Along with a cadre of other TechCrunch folks, I spent this week extremely focused on one event: Y Combinator. The elite accelerator announced a staggering 377 startups as its Summer 2021 cohort. We covered every single on-the-record startup that presented and plucked out some favorites:

There’s something quite earnest and magical about spending literally hours hearing founder after founder pitch their ideas, with one minute, a single slide and a whole lot of optimism. It’s why I like covering demo days: I get tunnel vision into where innovation is going next, what behemoths are ripe for disruption and what founders think is a witty competitive edge versus a simple baseline.

That said, I will share one caveat. While YC is an ambitious snapshot, it’s not entirely illustrative of the next wave of decision-makers and leaders within startups — from a diversity perspective. The accelerator posted small gains in the number of women and LatinX founders in its batch, but dropped in the number of Black founders participating. The need for more diverse accelerators has never been more obvious, and as some in the tech community argue, is Y Combinator’s biggest blind spot.

This in mind, I want to leave you with a few takeaways I had after listening to hundreds of pitches. Here’s what 377 Y Combinator pitches taught me about startups:

  1. Instacart walked so YC startups could stroll. Instacart, last valued at $39 billion, is one of Y Combinator’s most successful graduates — which makes it even more spicier that a number of startups within this summer’s batch want to take on the behemoth. Instead of going after the obvious — speed — startups are looking to enhance the grocery delivery experience through premium produce, local recipes and even ugly vegetables. It suggests that there may be a new chapter in grocery delivery, one in which ease isn’t the only competitive advantage.
  2. Crypto’s pre-seed world is quieter than fintech.
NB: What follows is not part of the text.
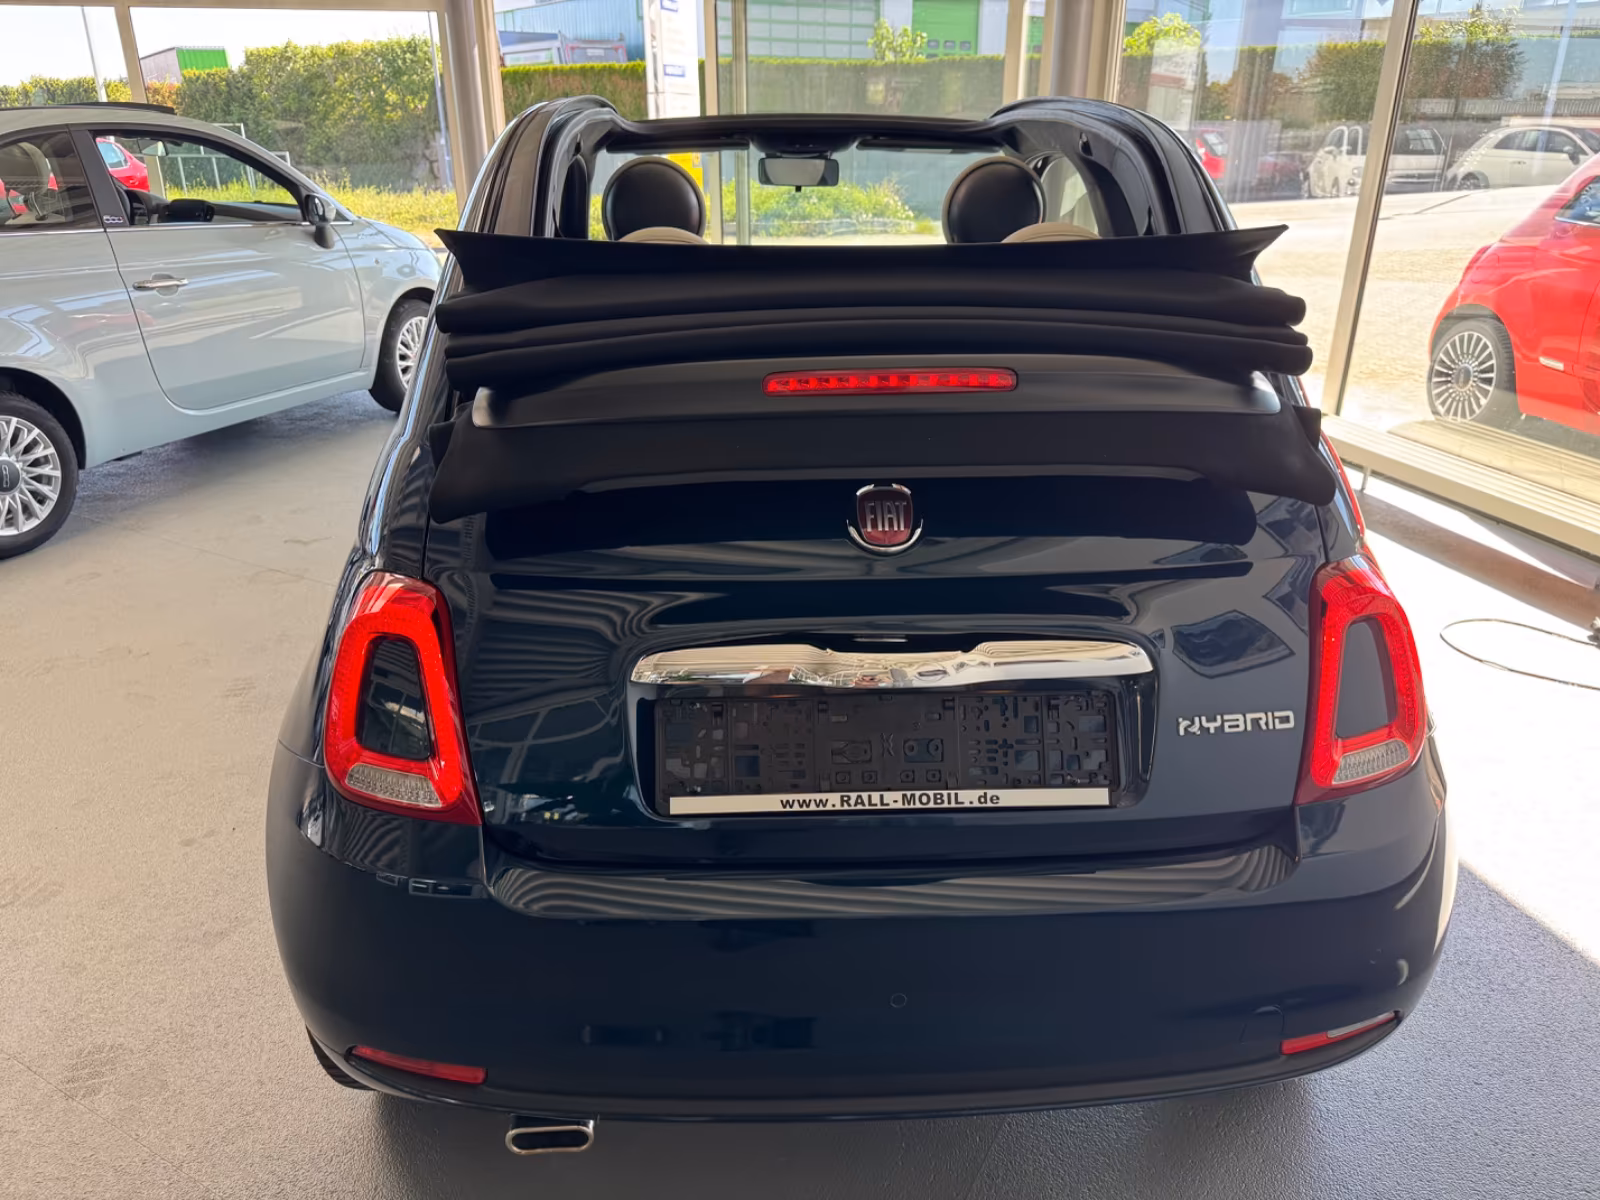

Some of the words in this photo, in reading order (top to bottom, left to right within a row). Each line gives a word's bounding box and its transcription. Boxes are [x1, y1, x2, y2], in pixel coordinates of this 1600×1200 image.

YC feels more like a fintech accelerator than ever before, but when it comes to crypto, there weren’t as many moonshots as I’d expect. We discussed this a bit in the Equity podcast, but if anyone has theories as to why, I’m game to hear ‘em.
  3. Edtech wants to disrupt artsy subjects. It’s common to see edtech founders flock to subjects like science and mathematics when it comes to disruption. Why? Well, from a pure pedagogical perspective, it’s easier to scale a service that answers questions that only have one right answer. While math may fit into a box that works for a tech-powered AI tutoring bot, arts, on the other hand, may require a little bit more human touch. This is why I was excited to see a number of edtech startups, from Spark Studio to Litnerd, focusing on humanities in their pitches. As shocking as it sounds, to rethink how a bookclub is read is definitely a refreshing milestone for edtech.
  4. Sometimes, the best pitch is no pitch at all. One pitch stood out simply because it addressed the elephant in the room: We’re all stressed. Jupe sells glamping-in-a-box and the profitable business likely benefited from COVID-19. I remember that because the founder used a portion of his pitch to tell investors to breathe, because it’s been a long two days. Being human, and more importantly, speaking like one, is what it takes to stand out these days.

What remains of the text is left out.